Não podemos esquecer que o mercado passou por um período de dinheiro farto para os escritórios e que nesse momento, como contrapartida para se atingir os gatilhos contratuais, muitos saíram abrindo diversas filiais e atraindo profissionais bancários com pagamento de luvas – nunca visto nesse mercado –, mas que, na prática, não resultaram em conversão de novas contas ou aumento substancial do AUC (Asset Under Custody).

Passou a ser comum, também, a atração de jovens promessas, para a atuação em SDR (Sales Development Representative), com um salário fixo garantido por um período, mas que nem sempre prosperaram ou atingiram as expectativas, alimentando o “turn-over”.

Isso tudo acabou resultando em uma queda mensal de novos assessores (398) em 2023, quando comparado a 2022 (436), ao mesmo tempo que aumentou o número de cancelamentos no mesmo período de 122 para 170.

E quais são os cuidados que os times de expansão devem ter para evitar esse “turn-over” alto, que no final gera prejuízo, desgaste e frustação para todos, além de afetar o investidor?

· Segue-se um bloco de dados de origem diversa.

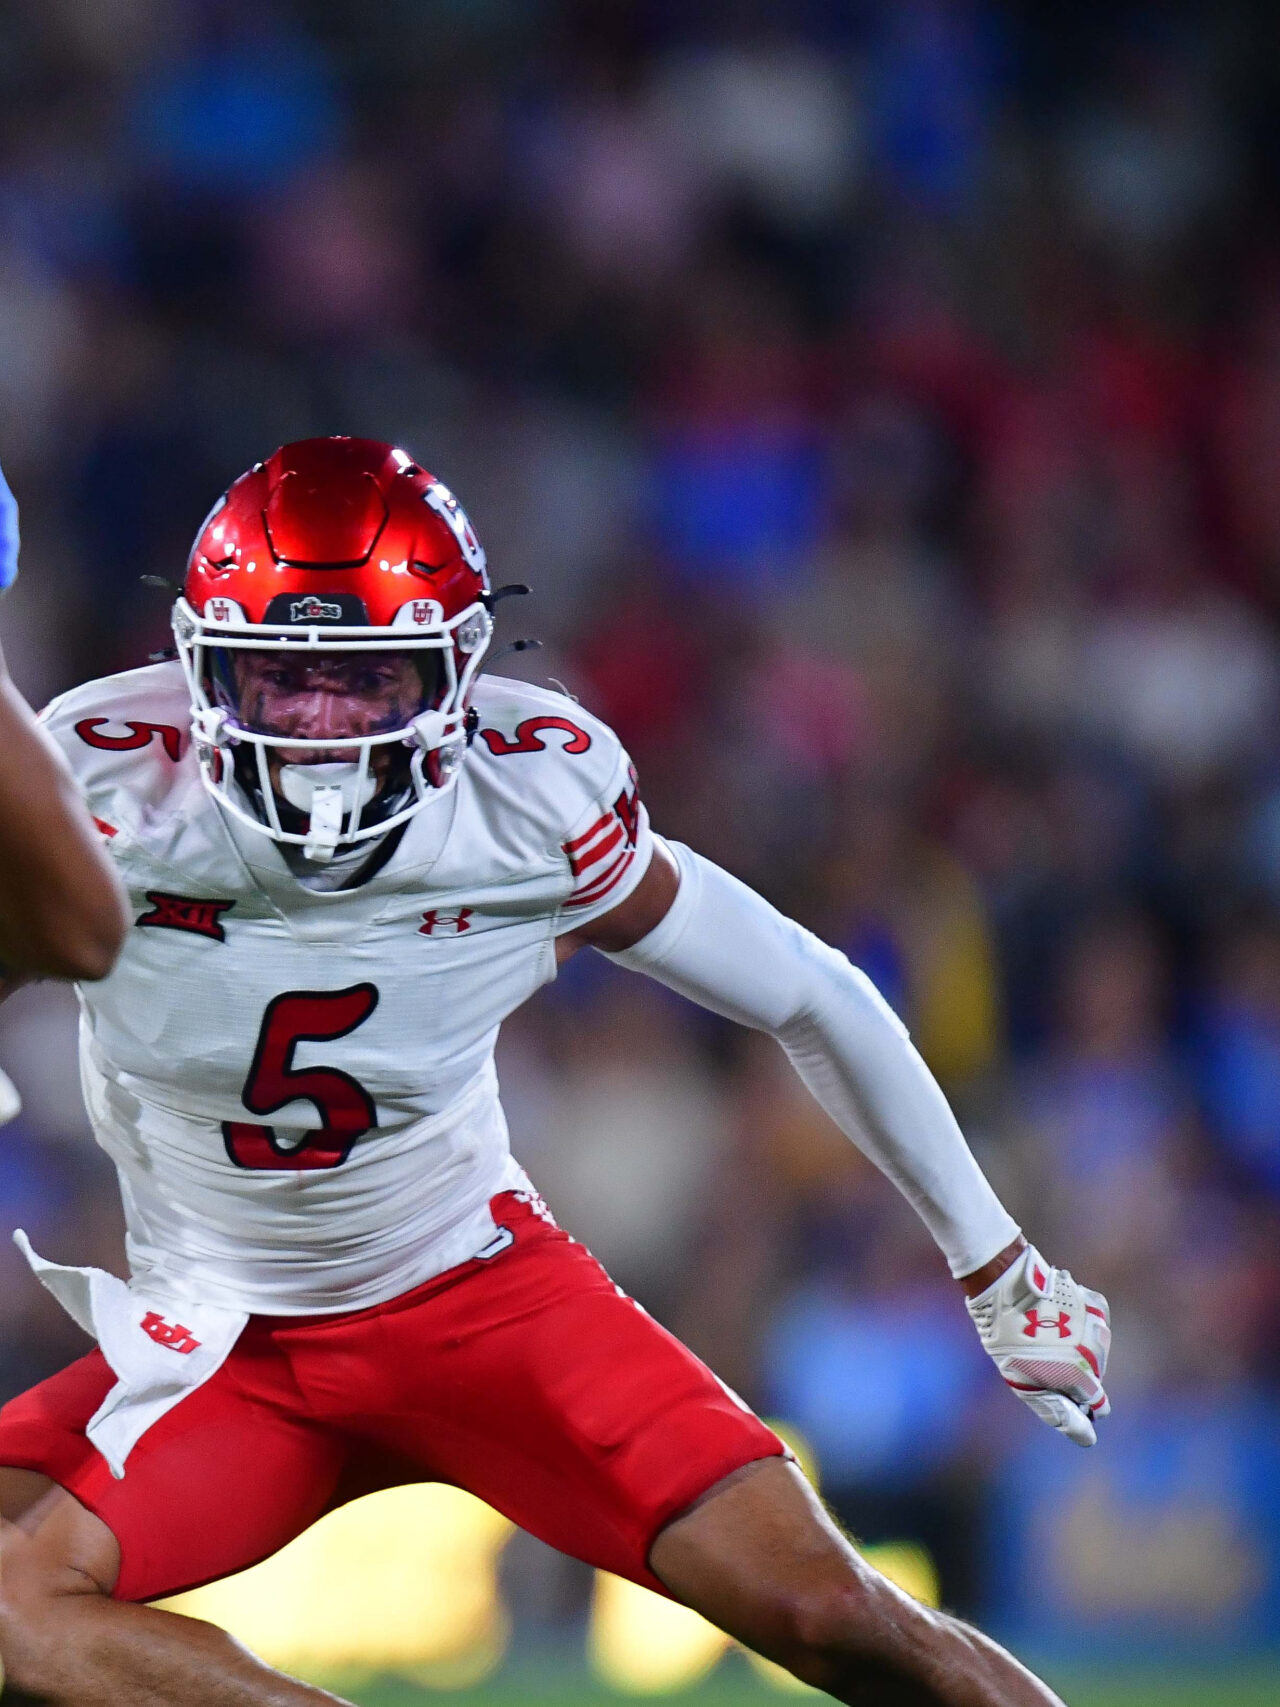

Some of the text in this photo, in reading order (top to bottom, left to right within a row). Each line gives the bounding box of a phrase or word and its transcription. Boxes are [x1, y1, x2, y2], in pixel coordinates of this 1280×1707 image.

[74, 717, 180, 762] 5
[480, 716, 591, 756] 5
[221, 982, 379, 1171] 5

Independente da estratégia de crescimento que o escritório tenha, seja ele orgânico ou não, com abertura de filiais ou não, com atração de profissionais experientes ou jovens promissores, entendo que o conceito dos 3 K’s seja válido para todas elas, pela simples razão de que a atividade de assessoria de investimentos é 100% meritocrática e muito próxima ao perfil empreendedor.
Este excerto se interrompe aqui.